Phase 1: Consolidate LLM Calls βœ… (Partial)

Status: llm_client.py created, needs adoption

Tasks:

  1. Update motion_diff.py β†’ use llm_client.vision_query()
  2. Update tracking.py β†’ use llm_client.vision_query()
  3. Update stream.py β†’ use llm_client.vision_query()
  4. Update smart_monitor.py β†’ use llm_client.vision_query()
  5. Update live_narrator.py β†’ βœ… Done for _describe_frame_advanced
  6. Update media.py β†’ use llm_client.vision_query()

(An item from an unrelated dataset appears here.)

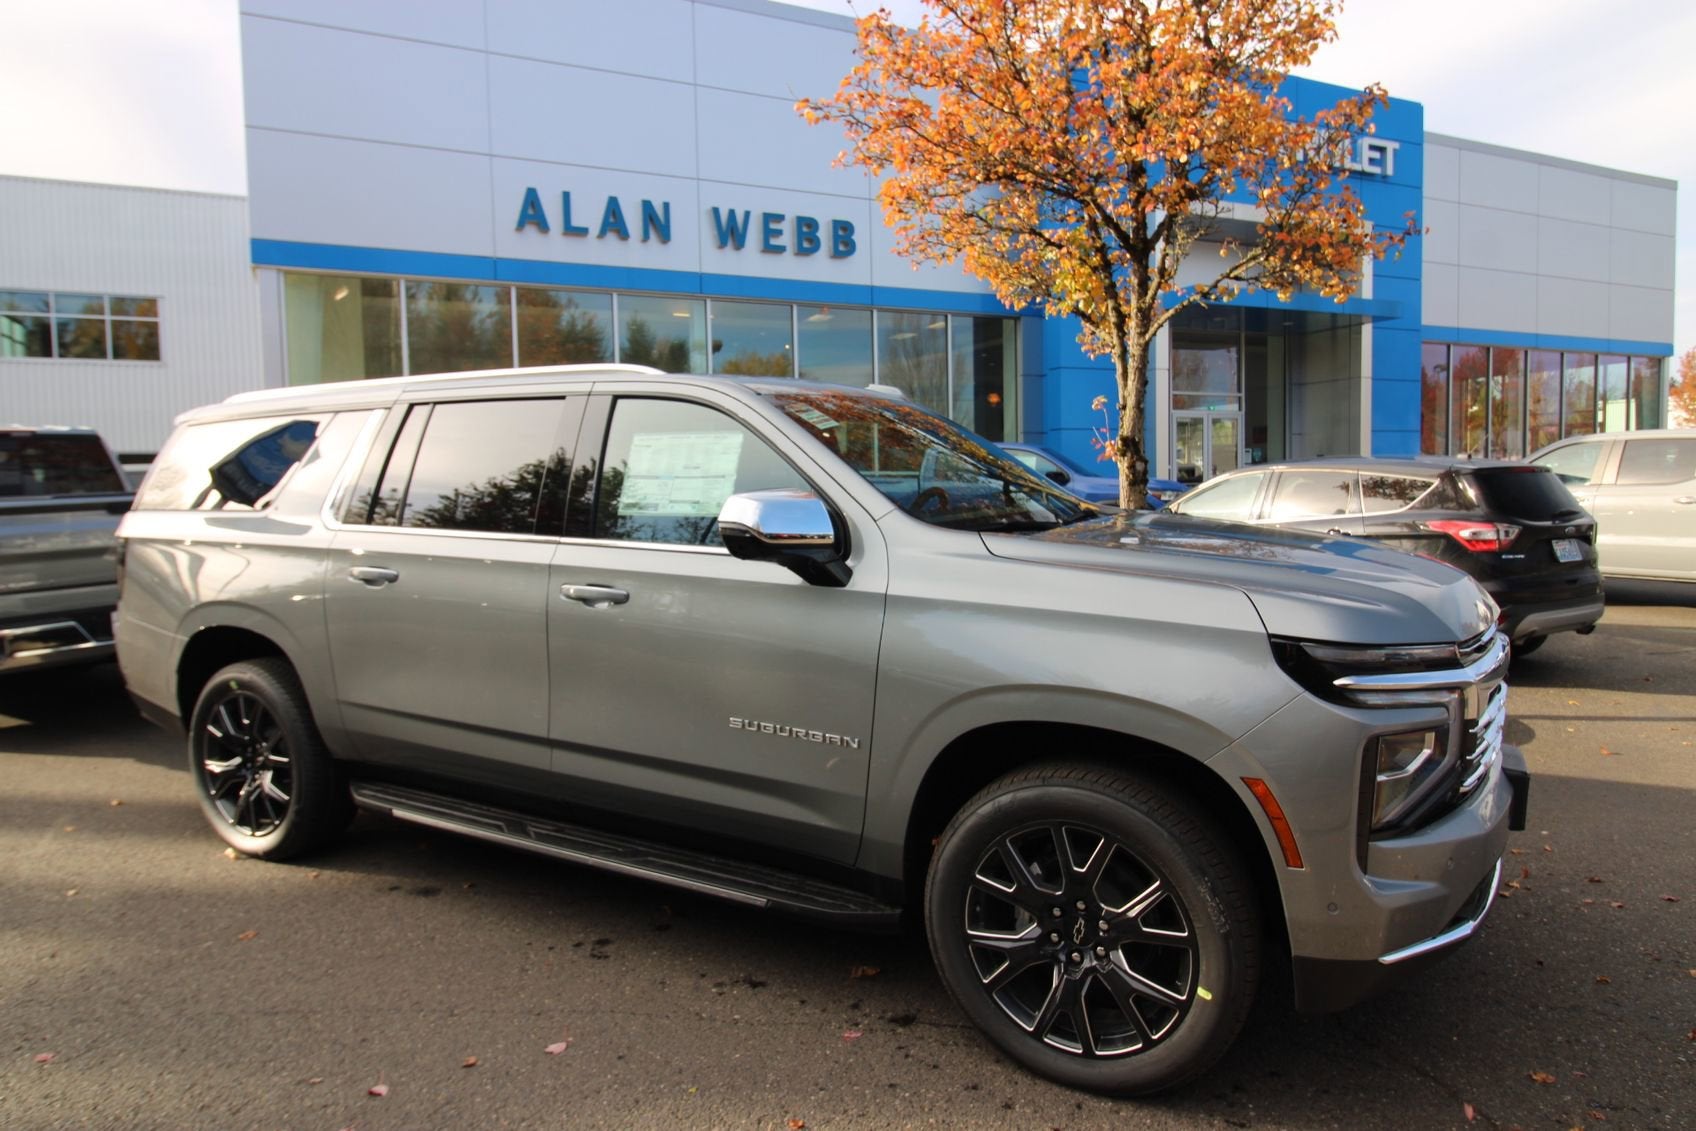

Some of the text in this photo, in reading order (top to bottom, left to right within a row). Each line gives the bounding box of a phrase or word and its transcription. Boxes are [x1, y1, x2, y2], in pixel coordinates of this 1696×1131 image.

Phase 2: Response Validation / Filtering

Goal: Don’t log β€œnothing happened” responses

Create response_filter.py:

def is_significant_response(response: str, mode: str = "general") -> bool:
    """Check if LLM response contains meaningful information."""
    noise_patterns = [
        "no significant changes",
        "no movement detected", 
        "no person visible",
        "nothing to report",
        "VISIBLE: NO",
        "PRESENT: NO",
        "CHANGED: NO",
    ]
    response_lower = response.lower()
    return not any(p in response_lower for p in noise_patterns)

def filter_for_logging(response: str) -> Optional[str]:
    """Return response only if significant, else None."""
    if is_significant_response(response):
        return response
    return None

Phase 3: REST API Server

Create api_server.py:

from fastapi import FastAPI
from pydantic import BaseModel

app = FastAPI(title="Streamware API")

class AnalyzeRequest(BaseModel):
    image_url: str
    prompt: str
    model: str = "llava:7b"

@app.post("/api/v1/analyze")
async def analyze_image(req: AnalyzeRequest):
    from .llm_client import vision_query
    result = vision_query(req.image_url, req.prompt)
    return {"result": result}

@app.post("/api/v1/live/start")
async def start_live(source: str, mode: str = "track", focus: str = "person"):
    """Start live narrator session"""
    ...

@app.get("/api/v1/live/{session_id}/status")
async def get_live_status(session_id: str):
    ...

@app.post("/api/v1/speak")
async def speak(text: str, engine: str = "auto"):
    from .tts import speak
    success = speak(text)
    return {"success": success}

Phase 4: LLM-Driven Client

Create llm_agent.py:

class StreamwareAgent:
    """Agent that can be controlled by LLM."""
    
    SYSTEM_PROMPT = '''You are a Streamware automation agent.
    Available commands:
    - analyze_image(path, prompt) - Analyze image with vision LLM
    - start_watch(url, focus) - Start watching camera
    - speak(text) - Speak via TTS
    - query_network() - Scan network for devices
    
    Respond with JSON: {"action": "...", "params": {...}}
    '''
    
    def execute(self, llm_response: dict):
        action = llm_response.get("action")
        params = llm_response.get("params", {})
        
        if action == "analyze_image":
            return vision_query(**params)
        elif action == "start_watch":
            return self._start_watch(**params)
        elif action == "speak":
            return speak(**params)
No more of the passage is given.